_Goal of the exercise_
Every entry below should be transcribed exactly; pictures stay out of the copy.

[Annotated photo localization data]
========
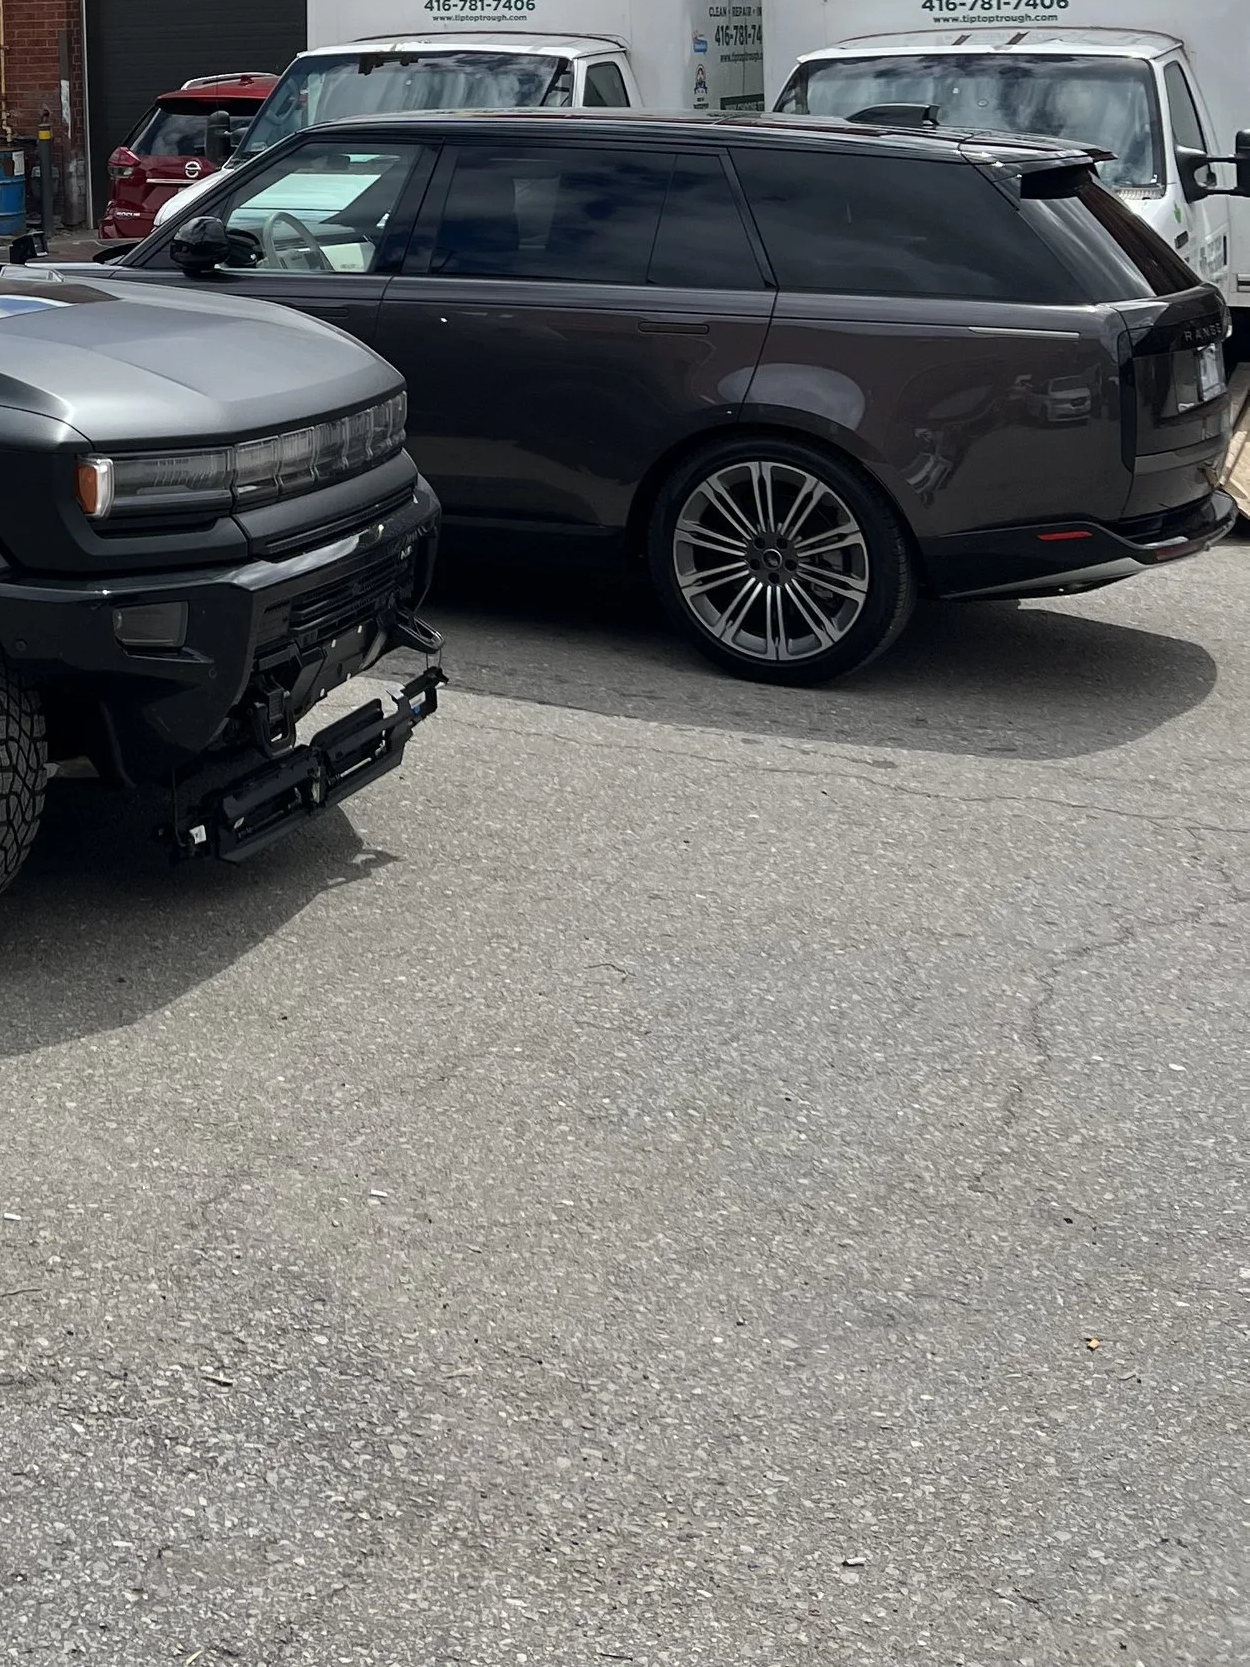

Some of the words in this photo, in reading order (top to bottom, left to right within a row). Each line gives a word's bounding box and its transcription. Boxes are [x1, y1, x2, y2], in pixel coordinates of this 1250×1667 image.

[432, 14, 527, 22] www.tiptoptrough.com
[709, 6, 727, 18] CLEAN
[732, 6, 751, 18] REPAIR
[933, 13, 1058, 23] www.tiptoptrough.com
[714, 24, 762, 46] 416-781-74
[1183, 322, 1222, 342] RANGE
========
_Task response_
Some of the words in this photo, in reading order (top to bottom, left to right within a row). Each line gives a word's bounding box and its transcription. Boxes are [x1, y1, x2, y2], in pixel coordinates of this 1250×1667 image.

[432, 14, 527, 22] www.tiptoptrough.com
[709, 6, 727, 18] CLEAN
[732, 6, 751, 18] REPAIR
[933, 13, 1058, 23] www.tiptoptrough.com
[714, 24, 762, 46] 416-781-74
[1183, 322, 1222, 342] RANGE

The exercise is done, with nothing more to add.